>>>>
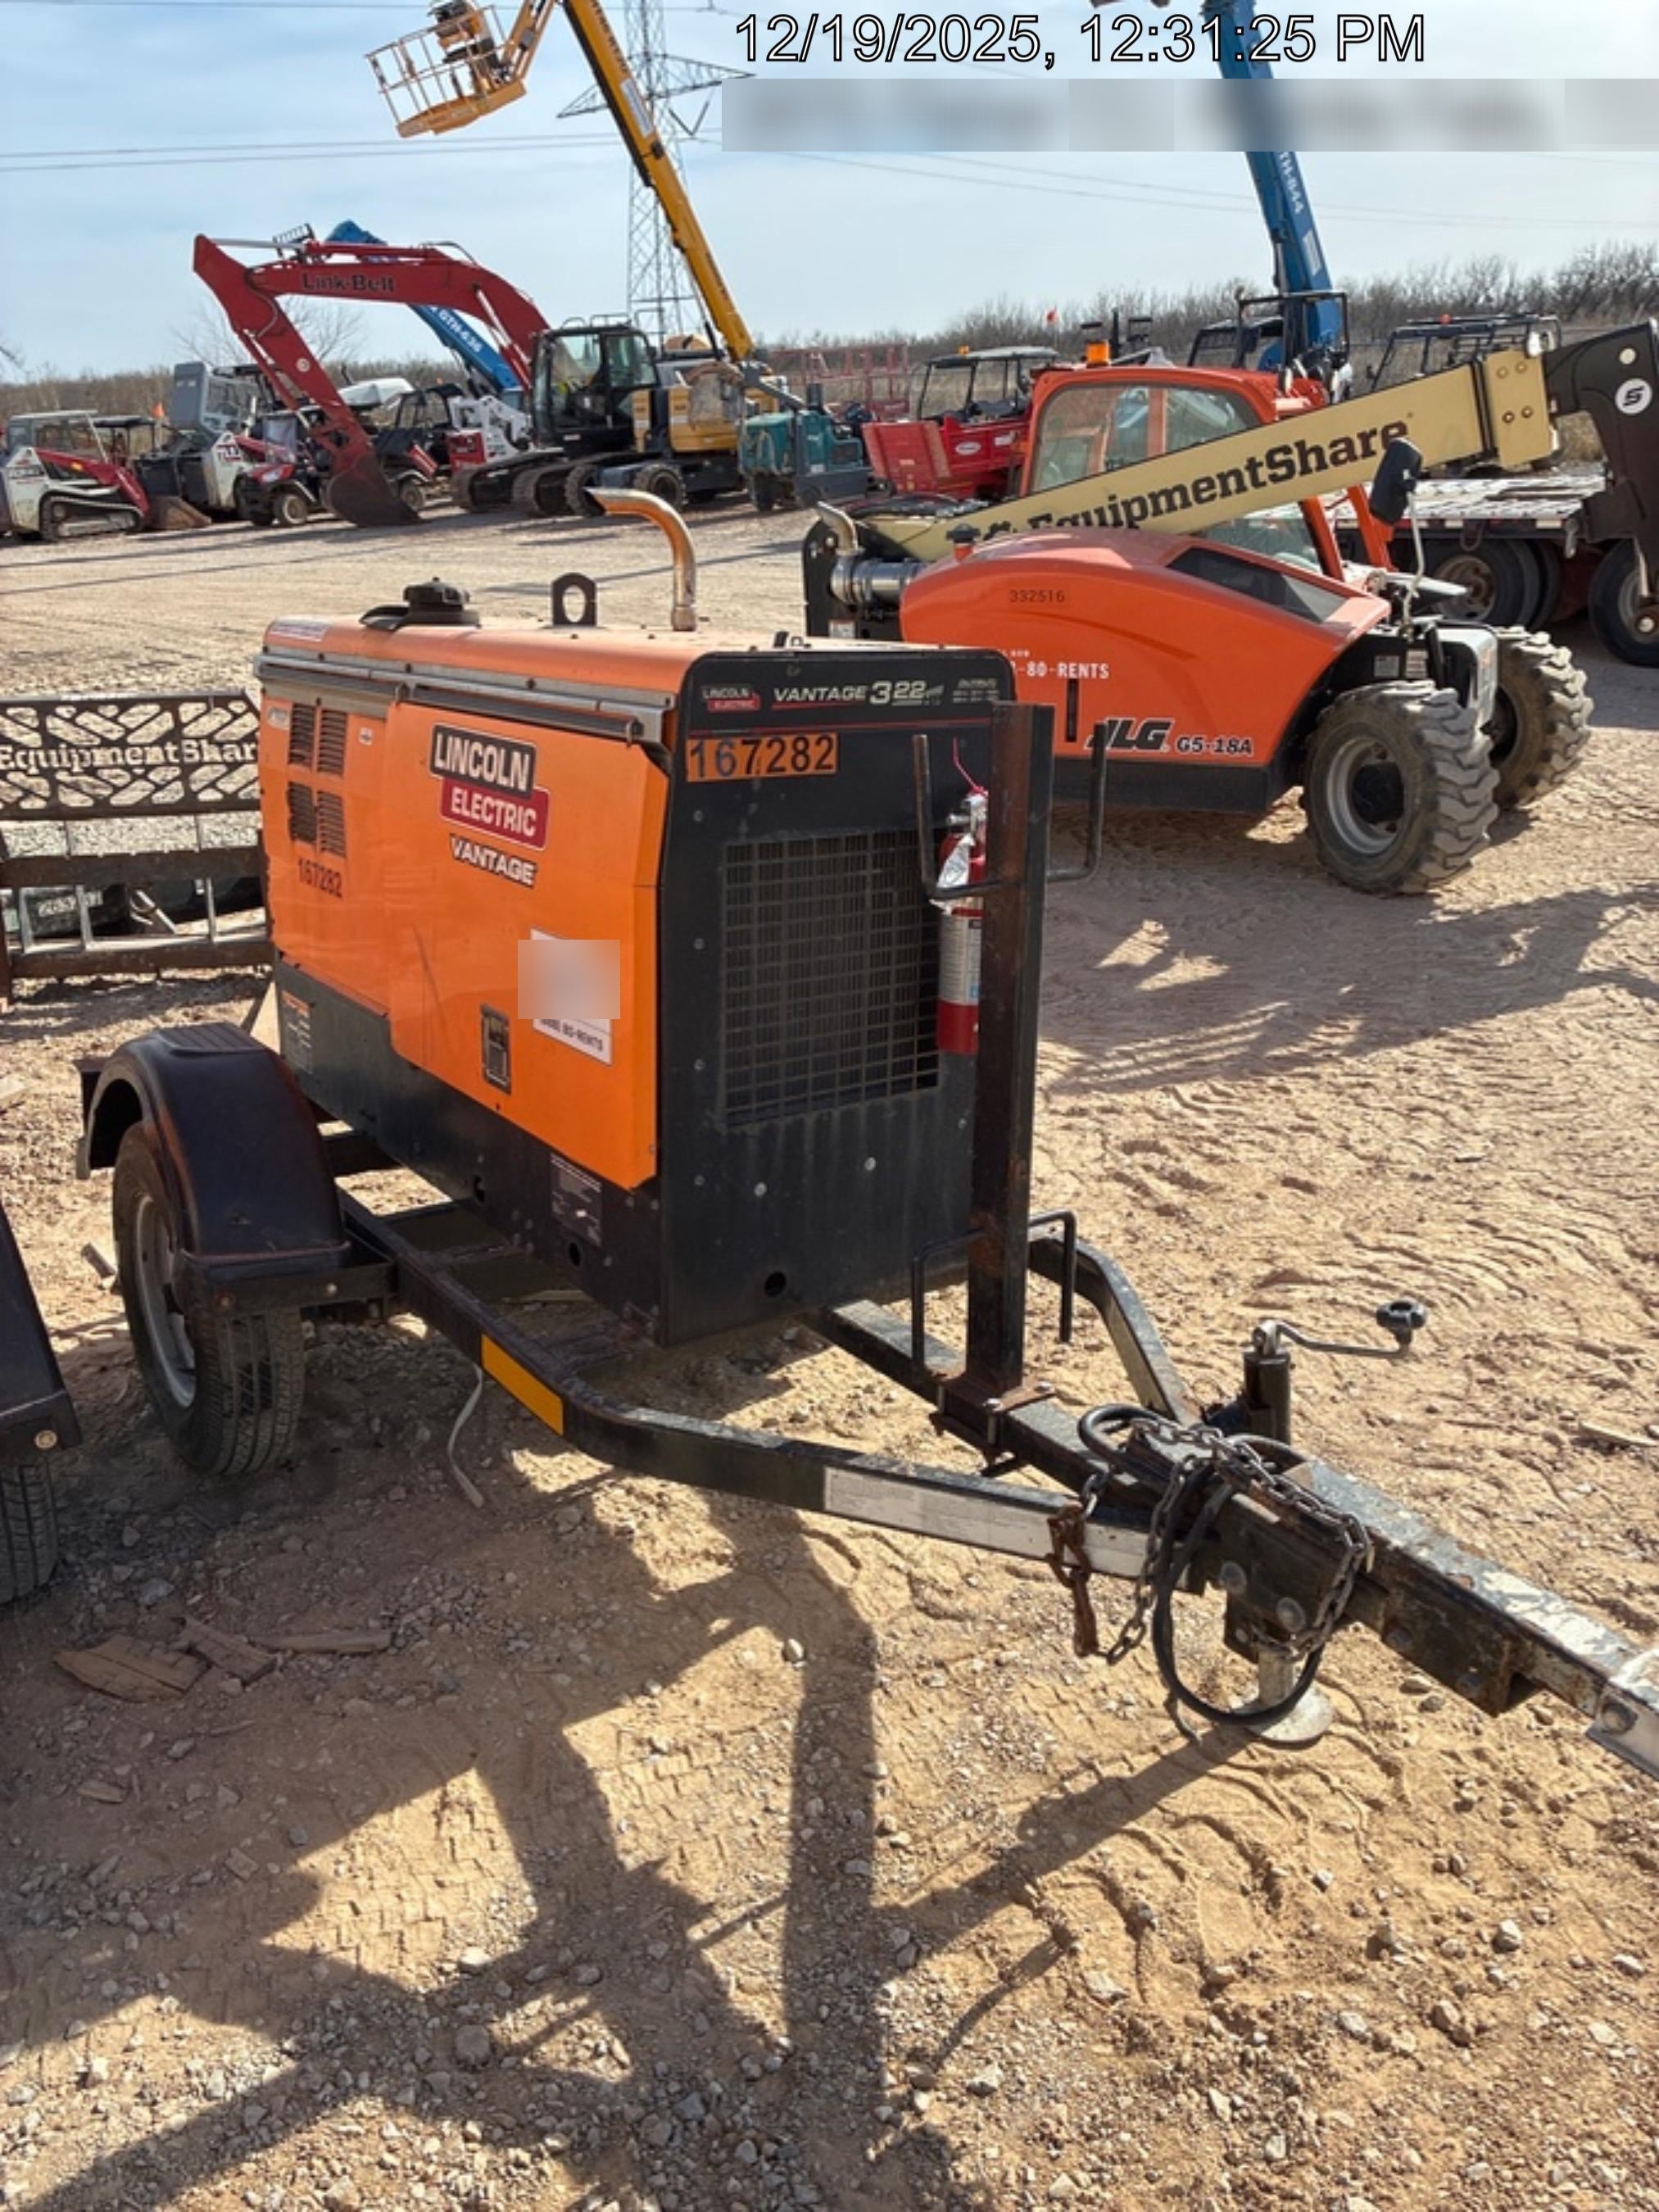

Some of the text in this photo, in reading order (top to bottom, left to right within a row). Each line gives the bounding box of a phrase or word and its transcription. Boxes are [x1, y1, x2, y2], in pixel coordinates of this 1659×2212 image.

[302, 273, 395, 292] Link-Belt
[1009, 589, 1066, 603] 332516
[702, 687, 750, 699] LINCOLN
[773, 685, 868, 702] VANTAGE
[0, 738, 256, 774] EquipmentShar
[689, 734, 836, 778] 167282
[1176, 736, 1253, 755] G5-18A
[434, 733, 530, 792] LINCOLN
[451, 786, 537, 837] ELECTRIC
[450, 834, 537, 888] VANTAGE
<<<<
Copy all records exactly; omit images.

EXPECTED ANSWER:
Some of the text in this photo, in reading order (top to bottom, left to right within a row). Each line gives the bounding box of a phrase or word and its transcription. Boxes are [x1, y1, x2, y2], in pixel coordinates of this 1659×2212 image.

[302, 273, 395, 292] Link-Belt
[1009, 589, 1066, 603] 332516
[702, 687, 750, 699] LINCOLN
[773, 685, 868, 702] VANTAGE
[0, 738, 256, 774] EquipmentShar
[689, 734, 836, 778] 167282
[1176, 736, 1253, 755] G5-18A
[434, 733, 530, 792] LINCOLN
[451, 786, 537, 837] ELECTRIC
[450, 834, 537, 888] VANTAGE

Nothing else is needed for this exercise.